D.           Dans son jugement, le Tribunal a retenu que le dépôt d'une demande reconventionnelle dans le mémoire de duplique de la défenderesse était tardive, puisqu'elle aurait dû être déposée dans le mémoire de réponse. Elle a également considéré que la défenderesse avait pris des conclusions conditionnelles en faisant dépendre leur éventuelle admission de l'avènement d'une condition, de sorte que, quand bien même les conclusions subsidiaires étaient subsidiaires, elles devaient être déclarées irrecevables.

EN DROIT

1.             1.1 L'appel est recevable contre les décisions finales et les décisions incidentes de première instance (art. 308 al. 1 let. a CPC), dans les causes non patrimoniales ou dont la valeur litigieuse, au dernier état des conclusions de première instance, est supérieure à 10'000 fr. (art. 308 al. 2 CPC).

La décision par laquelle le tribunal met fin au procès en déclarant la demande irrecevable (art. 59 et 60) constitue une décision finale au sens de l'art. 308 al. 1 let. a CPC (JEANDIN, in CPC Commenté, 2ème éd. 2019, n. 7 ad art. 308 CPC).

Est également assimilée à une décision finale la décision partielle par laquelle le juge statue sur un objet indépendant de celui qui reste en cause ou met fin à la procédure à l'égard d'une partie des consorts (JEANDIN, op. cit., n. 8 ad art. 308 CPC), ou encore la décision par laquelle le tribunal tranche séparément une conclusion du demandeur parmi plusieurs, voire les conclusions reconventionnelles du défendeur, en réservant un examen ultérieur de la demande principale (arrêt du Tribunal fédéral
4A_545/2014 du 10 avril 2015 consid. 2.1; TAPPY, CR CPC, ad art. 237 N 3).

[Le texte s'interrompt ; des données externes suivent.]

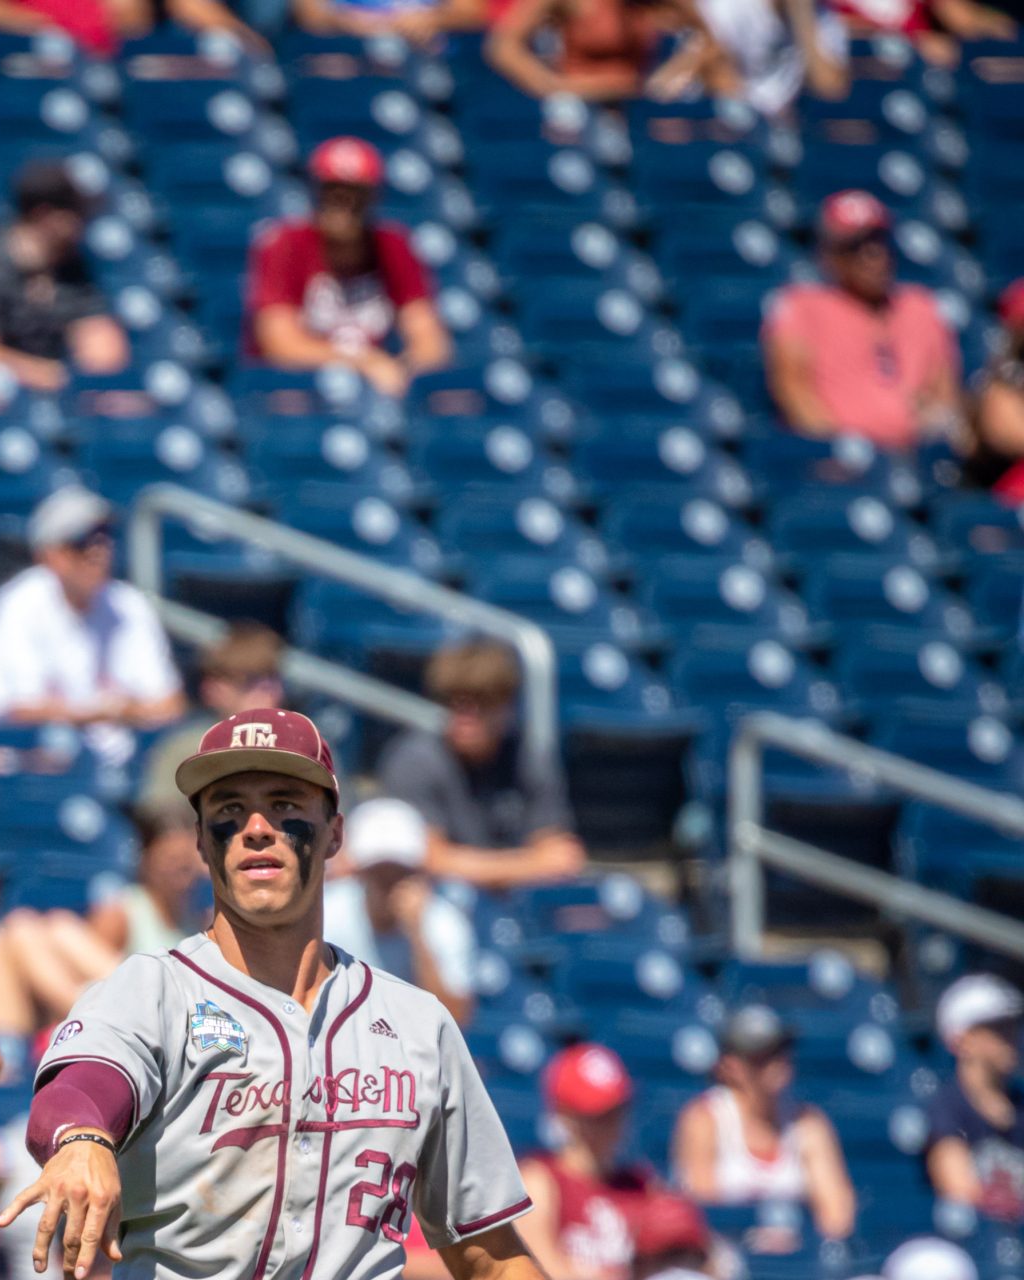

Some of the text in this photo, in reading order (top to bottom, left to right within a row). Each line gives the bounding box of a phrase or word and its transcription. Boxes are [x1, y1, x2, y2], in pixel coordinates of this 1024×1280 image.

1.2 En l'espèce, le chiffre 1 du dispositif du jugement du 24 mai 2022 déclare irrecevables les "conclusions subsidiaires conditionnelles" figurant dans la duplique de l'appelante du 24 mars 2022. Il met ainsi fin au procès en tant qu'il portait sur lesdites conclusions, que le Tribunal a qualifié de conclusions reconventionnelles. Sous cet angle, le jugement querellé constitue une décision finale.

La valeur litigieuse étant supérieure à 10'000 fr., la voie de l'appel est ouverte à l'encontre de cette partie du dispositif.

Interjeté auprès de l'autorité compétente (art. 124 let. a LOJ), dans le délai utile de trente jours et selon la forme prescrite par la loi (art. 130 al. 1, 142 al. 1, et 311 CPC), l'appel est dès lors recevable.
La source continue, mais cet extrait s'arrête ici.